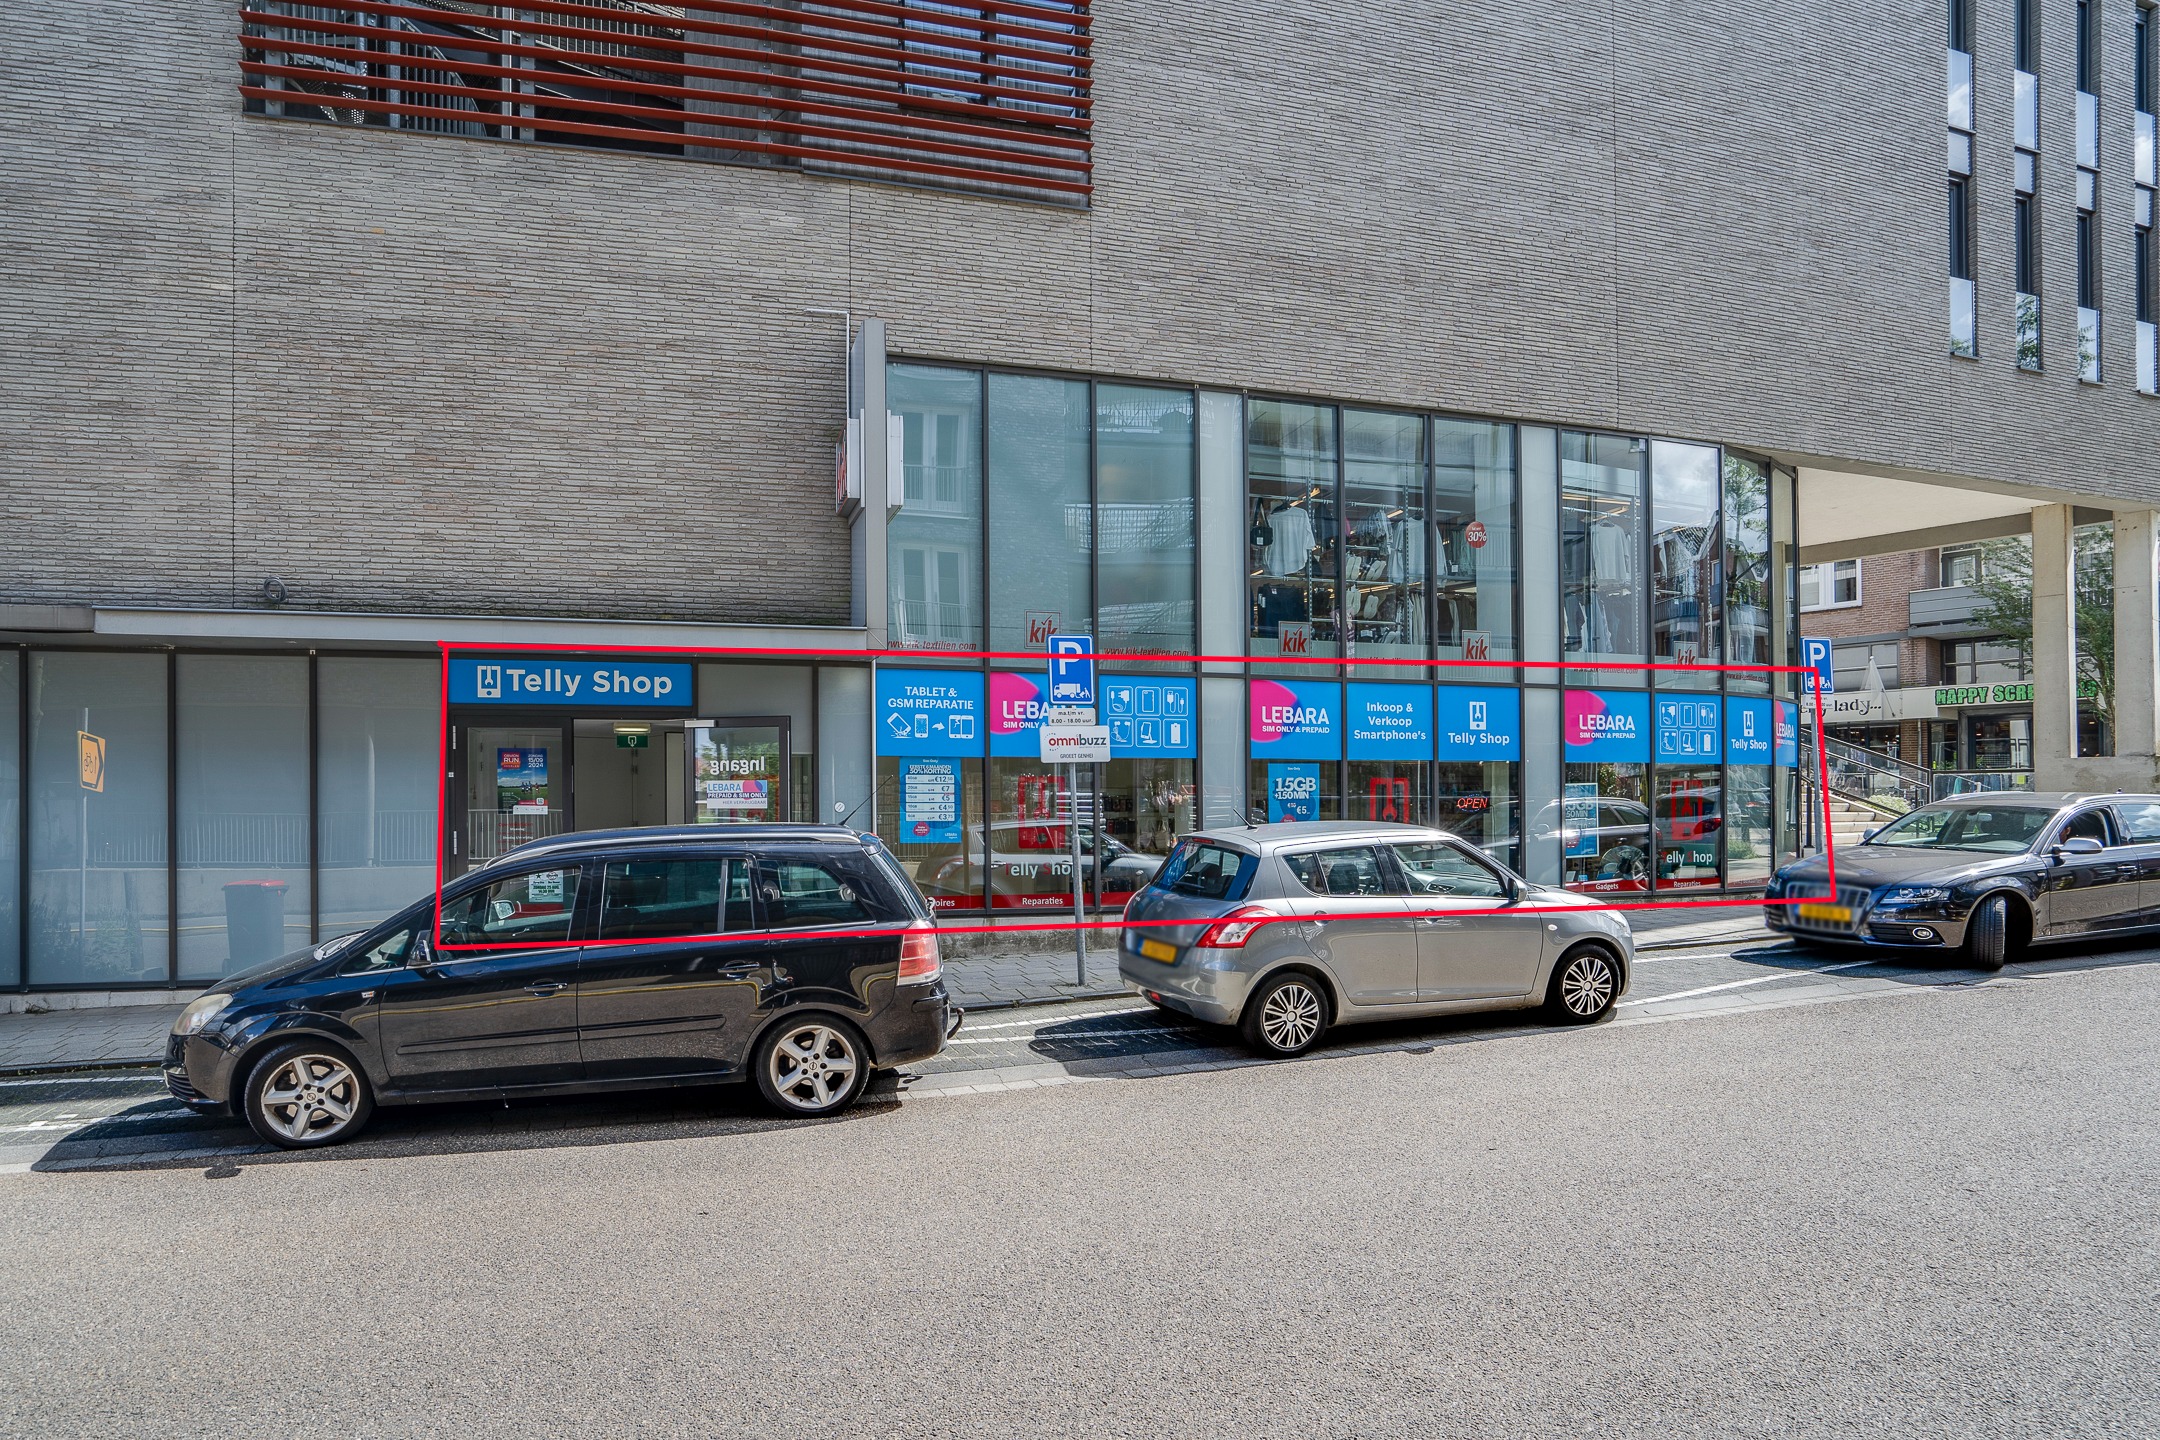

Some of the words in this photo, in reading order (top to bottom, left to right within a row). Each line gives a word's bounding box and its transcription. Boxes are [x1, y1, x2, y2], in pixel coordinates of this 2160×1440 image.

[1468, 531, 1487, 542] 30%
[1029, 615, 1058, 643] kik
[1282, 626, 1308, 653] kik
[1466, 635, 1488, 660] kik
[1058, 641, 1083, 675] P
[1809, 643, 1826, 668] P
[506, 668, 582, 697] Telly
[592, 670, 673, 698] Shop
[905, 686, 946, 697] TABLET
[948, 688, 958, 697] &
[1935, 687, 1989, 705] HAPPY
[888, 698, 914, 708] GSM
[915, 699, 974, 710] REPARATIE
[1366, 702, 1403, 714] Inkoop
[1405, 703, 1414, 713] &
[1262, 706, 1330, 725] LEBARA
[1368, 716, 1412, 727] Verkoop
[1003, 721, 1018, 729] SIM
[1019, 721, 1040, 729] ONLY
[1579, 714, 1636, 731] LEBARA
[1302, 726, 1330, 734] PREPAID
[1354, 730, 1426, 741] Smartphone's
[1776, 722, 1795, 738] LEBARA
[1048, 733, 1107, 747] omnibuzz
[1448, 732, 1476, 746] Telly
[1480, 732, 1510, 746] Shop
[1731, 738, 1748, 751] Telly
[1749, 739, 1768, 751] Shop
[708, 783, 742, 792] LEBARA
[1275, 777, 1317, 792] 15GB
[1274, 791, 1293, 800] +150
[1293, 791, 1309, 799] MIN
[1456, 797, 1488, 809] OPEN
[1662, 851, 1685, 867] Telly
[1687, 850, 1713, 866] Shop
[1005, 861, 1038, 879] Telly
[1596, 883, 1619, 891] Gadgets
[1674, 881, 1702, 889] Reparaties
[1022, 897, 1063, 906] Reparaties

##############################

DESCRIPTION OF THE TASK: Repeat the listing exactly, minus its pictures.

EXERCISE RESPONSE:
Some of the words in this photo, in reading order (top to bottom, left to right within a row). Each line gives a word's bounding box and its transcription. Boxes are [x1, y1, x2, y2], in pixel coordinates of this 2160×1440 image.

[1468, 531, 1487, 542] 30%
[1029, 615, 1058, 643] kik
[1282, 626, 1308, 653] kik
[1466, 635, 1488, 660] kik
[1058, 641, 1083, 675] P
[1809, 643, 1826, 668] P
[506, 668, 582, 697] Telly
[592, 670, 673, 698] Shop
[905, 686, 946, 697] TABLET
[948, 688, 958, 697] &
[1935, 687, 1989, 705] HAPPY
[888, 698, 914, 708] GSM
[915, 699, 974, 710] REPARATIE
[1366, 702, 1403, 714] Inkoop
[1405, 703, 1414, 713] &
[1262, 706, 1330, 725] LEBARA
[1368, 716, 1412, 727] Verkoop
[1003, 721, 1018, 729] SIM
[1019, 721, 1040, 729] ONLY
[1579, 714, 1636, 731] LEBARA
[1302, 726, 1330, 734] PREPAID
[1354, 730, 1426, 741] Smartphone's
[1776, 722, 1795, 738] LEBARA
[1048, 733, 1107, 747] omnibuzz
[1448, 732, 1476, 746] Telly
[1480, 732, 1510, 746] Shop
[1731, 738, 1748, 751] Telly
[1749, 739, 1768, 751] Shop
[708, 783, 742, 792] LEBARA
[1275, 777, 1317, 792] 15GB
[1274, 791, 1293, 800] +150
[1293, 791, 1309, 799] MIN
[1456, 797, 1488, 809] OPEN
[1662, 851, 1685, 867] Telly
[1687, 850, 1713, 866] Shop
[1005, 861, 1038, 879] Telly
[1596, 883, 1619, 891] Gadgets
[1674, 881, 1702, 889] Reparaties
[1022, 897, 1063, 906] Reparaties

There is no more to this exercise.